Un tema complesso, sul quale ciascuno può maturare la propria opinione, ma che offre anche l’occasione per riflettere su un fenomeno più ampio: l’uso politico delle vicende giudiziarie e la capacità della politica di trasformare alcuni casi simbolici in bandiere identitarie.


Il problema non è discutere un singolo episodio. Il problema è osservare come, ancora una volta, una parte della politica sembri trovare più conveniente inseguire l’emozione del momento piuttosto che affrontare le emergenze quotidiane che riguardano milioni di cittadini.

 
È certamente più semplice accendere i riflettori su un caso che divide l’opinione pubblica, piuttosto che confrontarsi con questioni meno spettacolari ma altrettanto drammatiche: il costo della vita, la precarietà, le difficoltà delle piccole imprese, il peso crescente della burocrazia e il rapporto spesso conflittuale tra cittadini e Stato.


Si invoca una grazia. Ma viene spontaneo chiedersi: quante “grazie” dovrebbero essere richieste per quelle persone che ogni giorno combattono una battaglia silenziosa contro cartelle esattoriali, interessi, sanzioni e procedure amministrative che sembrano non avere mai una fine?


Ci sono migliaia di imprenditori, artigiani, lavoratori autonomi, professionisti e cittadini comuni che non hanno truffato nessuno, ma che sono stati travolti da difficoltà economiche, crisi personali, cambiamenti del mercato o semplicemente dalla complessità di un sistema fiscale e burocratico sempre più difficile da sostenere.

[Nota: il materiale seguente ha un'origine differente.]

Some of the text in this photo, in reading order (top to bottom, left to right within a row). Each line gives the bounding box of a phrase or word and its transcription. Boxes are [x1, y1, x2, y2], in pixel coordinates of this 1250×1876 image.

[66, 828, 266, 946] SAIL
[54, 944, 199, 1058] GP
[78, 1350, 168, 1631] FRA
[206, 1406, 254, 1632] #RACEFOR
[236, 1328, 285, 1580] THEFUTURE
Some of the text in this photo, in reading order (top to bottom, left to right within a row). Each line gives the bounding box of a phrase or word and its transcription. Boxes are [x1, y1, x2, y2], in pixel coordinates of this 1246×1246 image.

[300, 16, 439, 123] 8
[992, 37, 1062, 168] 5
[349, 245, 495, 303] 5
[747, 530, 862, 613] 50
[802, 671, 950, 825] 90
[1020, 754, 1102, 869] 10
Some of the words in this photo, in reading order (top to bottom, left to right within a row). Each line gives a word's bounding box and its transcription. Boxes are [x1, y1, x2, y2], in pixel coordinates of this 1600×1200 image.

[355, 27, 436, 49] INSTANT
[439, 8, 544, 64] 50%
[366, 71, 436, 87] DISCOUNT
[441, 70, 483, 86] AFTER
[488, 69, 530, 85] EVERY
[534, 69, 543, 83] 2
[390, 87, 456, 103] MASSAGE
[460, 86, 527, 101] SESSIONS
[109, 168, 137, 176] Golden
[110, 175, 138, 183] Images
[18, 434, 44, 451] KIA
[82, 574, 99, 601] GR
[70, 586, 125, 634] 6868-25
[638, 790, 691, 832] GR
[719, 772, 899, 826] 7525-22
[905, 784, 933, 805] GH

Anche chi scrive queste righe appartiene a questa realtà. 

A settantadue anni, dopo una vita di lavoro, può capitare di essere giudicati soltanto attraverso il linguaggio freddo delle procedure: un debito diventa una colpa, una difficoltà diventa un sospetto, una storia personale scompare dietro un numero di pratica.


Eppure dietro ogni posizione debitoria c’è spesso una persona, una famiglia, un percorso di vita.


La provocazione allora nasce spontanea: se per alcuni casi compaiono striscioni e slogan, perché non vediamo mai scritte come:
“Siamo tutti cittadini dimenticati.”
“Io sto con chi ogni giorno prova a rialzarsi.”
“Difendersi dalla disperazione burocratica dovrebbe essere un diritto.”


Naturalmente è una provocazione. 

Ma le provocazioni servono proprio a mettere in evidenza ciò che spesso non vogliamo vedere.


Viviamo in una società nella quale l’indignazione sembra essere diventata selettiva: alcuni drammi diventano emergenze nazionali, altri restano confinati nel silenzio delle case, degli uffici, delle aziende che chiudono e delle persone che cercano dignità senza fare rumore.


La politica dovrebbe avere il coraggio di occuparsi anche di queste storie invisibili. Perché la giustizia non dovrebbe essere soltanto ciò che appare sui giornali, ma anche ciò che accade ogni giorno lontano dalle telecamere.


Una democrazia matura non si misura soltanto dalla capacità di giudicare chi sbaglia, ma anche dalla capacità di comprendere chi cade e cerca una possibilità per rialzarsi.